* **AIM OF THE TASK**: Would you repeat the entries below word for word and omit the pictures?

· · ·

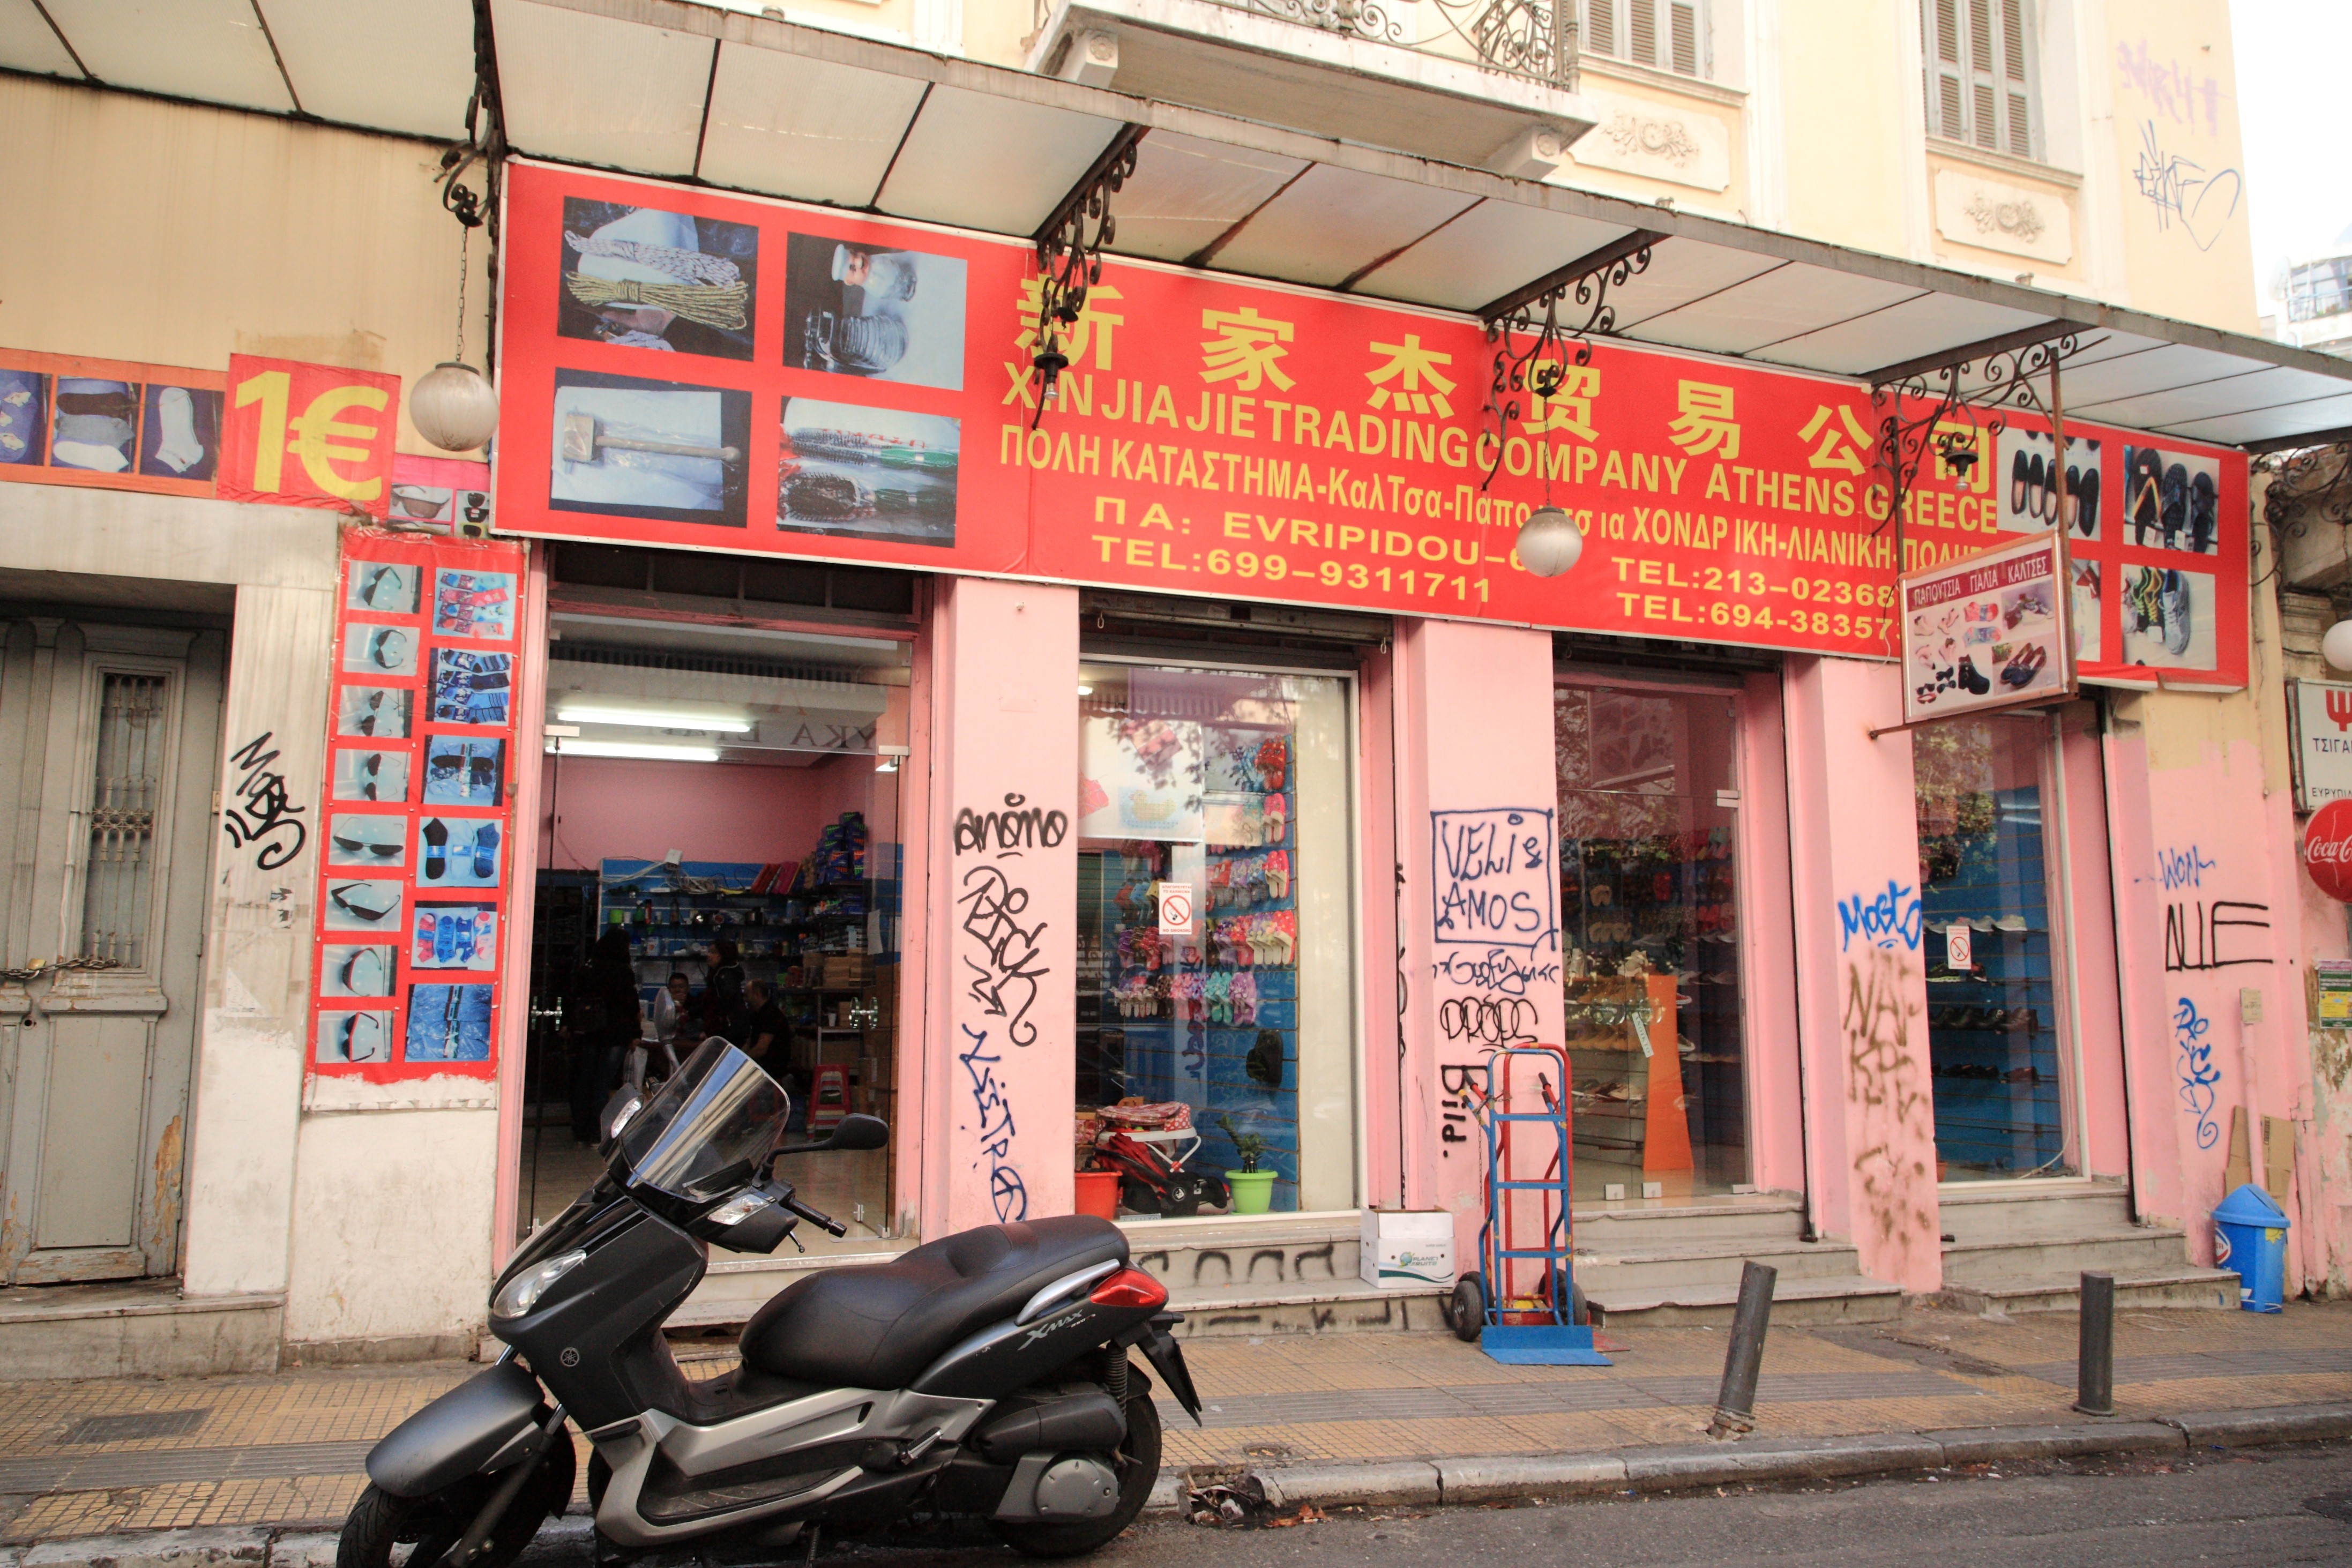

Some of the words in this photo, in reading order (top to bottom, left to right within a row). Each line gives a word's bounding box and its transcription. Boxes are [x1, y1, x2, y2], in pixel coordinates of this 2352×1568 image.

[235, 370, 389, 501] 1€
[1000, 424, 1100, 475] ΠΟΛΗ
[1101, 378, 1179, 428] JIA
[1186, 392, 1255, 438] JIE
[1264, 399, 1468, 468] TRADING
[1475, 433, 1687, 495] COMPANY
[1705, 463, 1855, 517] ATHENS
[1864, 484, 1997, 534] GREECE
[1092, 534, 1489, 602] TEL:699-9311711
[1914, 578, 1961, 606] ΠΑΠΟΥΤΣΙΑ
[2007, 556, 2048, 584] ΚΑΛΤΣΕΣ
[1616, 592, 1900, 641] TEL:694-38357
[2312, 737, 2352, 753] ΤΣΙΓΑ

· · ·

* **THE ANSWER**:
Some of the words in this photo, in reading order (top to bottom, left to right within a row). Each line gives a word's bounding box and its transcription. Boxes are [x1, y1, x2, y2], in pixel coordinates of this 2352×1568 image.

[235, 370, 389, 501] 1€
[1000, 424, 1100, 475] ΠΟΛΗ
[1101, 378, 1179, 428] JIA
[1186, 392, 1255, 438] JIE
[1264, 399, 1468, 468] TRADING
[1475, 433, 1687, 495] COMPANY
[1705, 463, 1855, 517] ATHENS
[1864, 484, 1997, 534] GREECE
[1092, 534, 1489, 602] TEL:699-9311711
[1914, 578, 1961, 606] ΠΑΠΟΥΤΣΙΑ
[2007, 556, 2048, 584] ΚΑΛΤΣΕΣ
[1616, 592, 1900, 641] TEL:694-38357
[2312, 737, 2352, 753] ΤΣΙΓΑ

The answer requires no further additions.